Maziek: I think a healthcare company’s ability to succeed is directly influenced by its management’s knowledge of micro and macro sector trends. By micro trends, I mean local and regional dynamics affecting their industry sector. Successful providers are also aware of what Washington is doing as well as the individual things affecting their industry in these broader contexts, such as demographic changes and the like.

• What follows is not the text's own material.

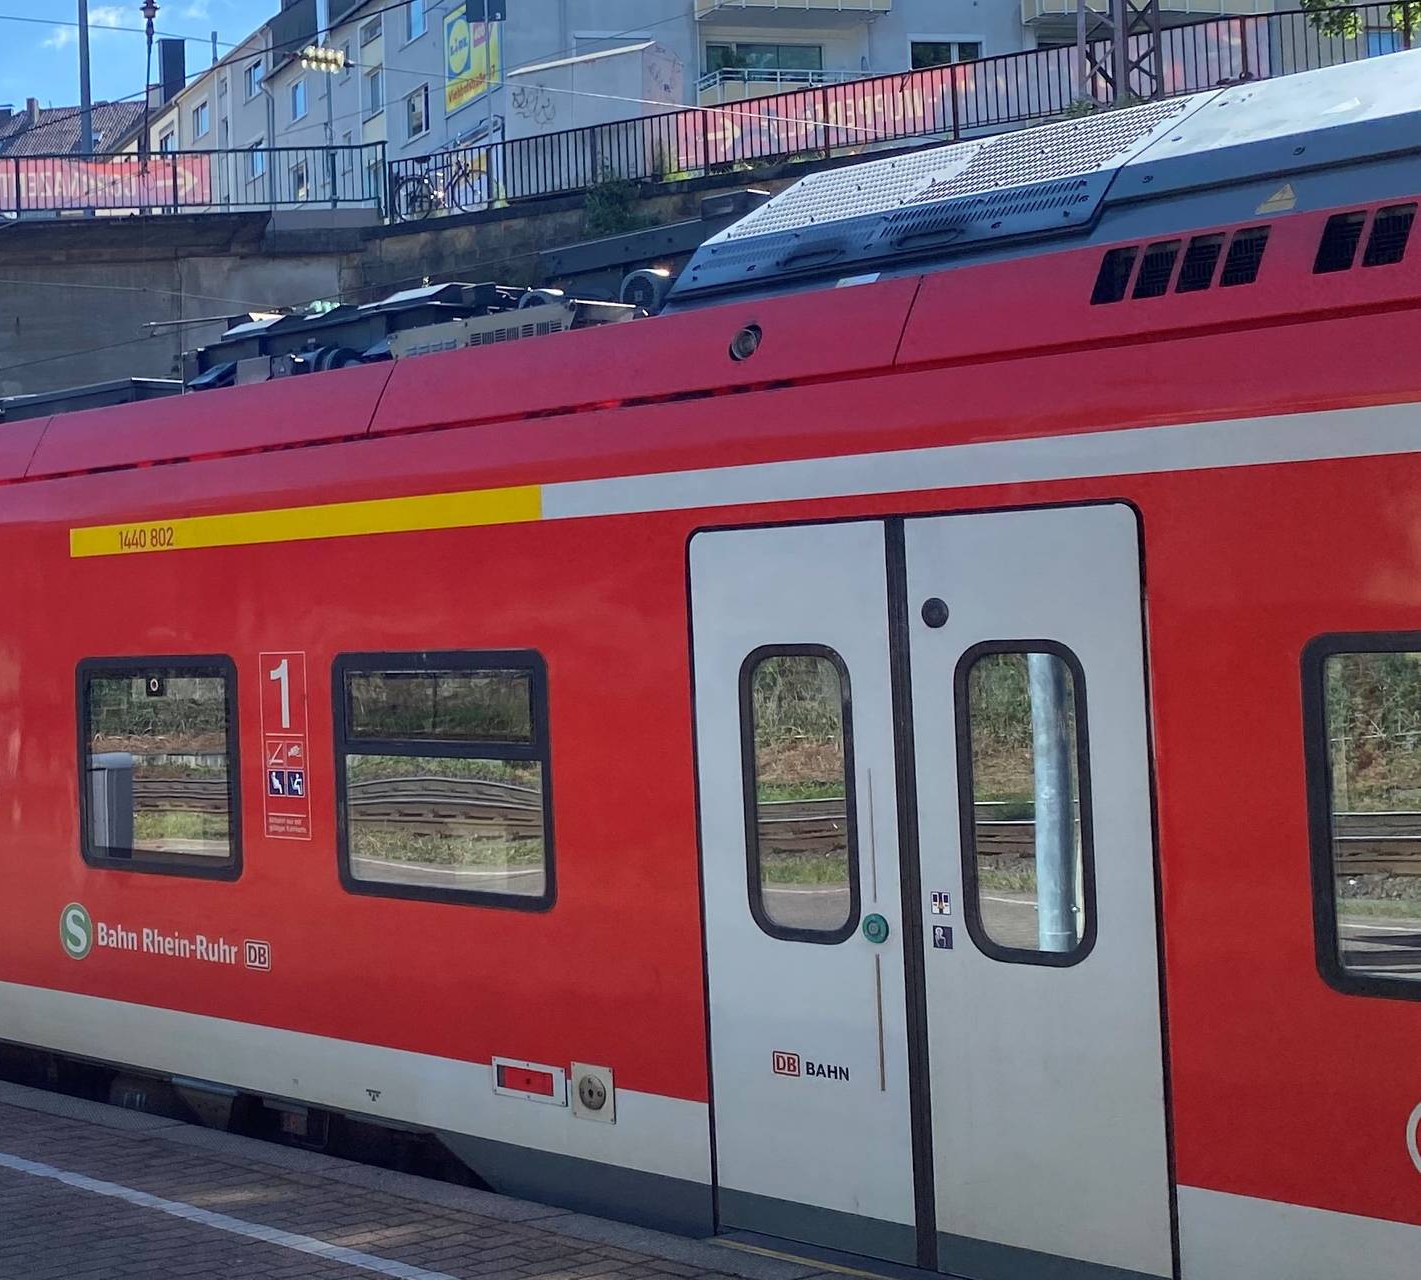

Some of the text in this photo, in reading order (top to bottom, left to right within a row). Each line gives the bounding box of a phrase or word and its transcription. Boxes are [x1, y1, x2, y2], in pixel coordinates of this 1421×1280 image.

There are other characteristics that contribute to success and failure. Certainly an ability to contain the costs of delivering services is absolutely paramount in healthcare. Healthcare is unlike other industries in that margins can be extremely low and managing costs is very relevant. Successful companies are seem to be focused on providing quality patient outcomes. I think one other thing that is commonly overlooked among practicing healthcare professionals (as opposed to business professionals) is the knowledge and skill to accurately bill and collect.
Healthcare billing is extremely complex. If you don’t know how to bill and collect accurately and efficiently, it can really upset the success of the business. Companies that struggle to survive tend to be less effective in this particular area – billing and collection. It’s a common pitfall.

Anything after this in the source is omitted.